▸ **Try it**
Leave out the images and repeat the listing below without a single change.

**********

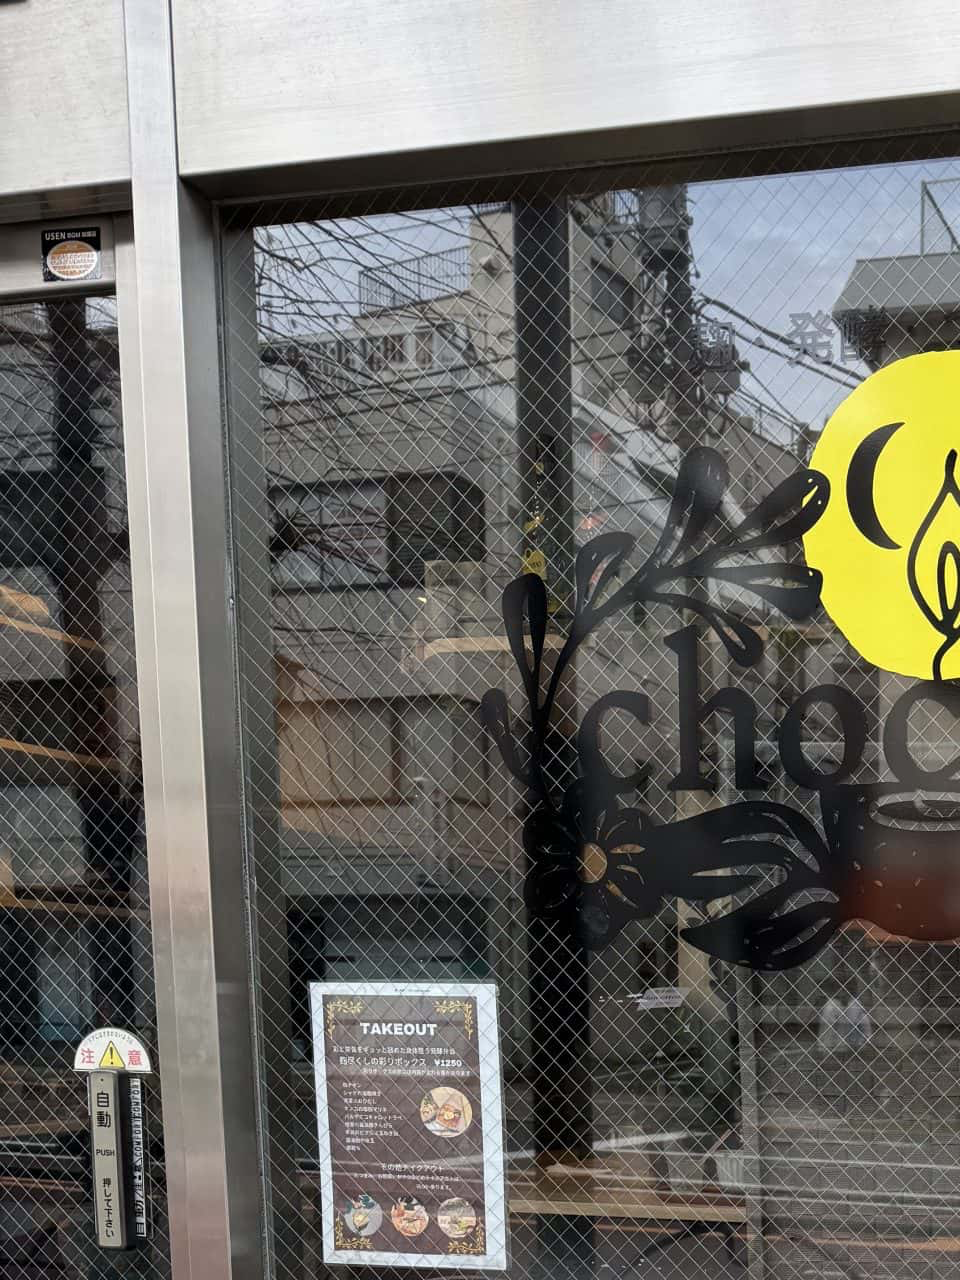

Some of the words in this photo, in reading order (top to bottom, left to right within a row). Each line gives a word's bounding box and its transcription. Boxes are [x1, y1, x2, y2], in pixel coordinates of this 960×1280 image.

[45, 231, 66, 241] USEN
[360, 1022, 438, 1037] TAKEOUT
[96, 1090, 112, 1129] 自動
[96, 1148, 115, 1157] PUSH

**********

▸ **Problem solution**
Some of the words in this photo, in reading order (top to bottom, left to right within a row). Each line gives a word's bounding box and its transcription. Boxes are [x1, y1, x2, y2], in pixel coordinates of this 960×1280 image.

[45, 231, 66, 241] USEN
[360, 1022, 438, 1037] TAKEOUT
[96, 1090, 112, 1129] 自動
[96, 1148, 115, 1157] PUSH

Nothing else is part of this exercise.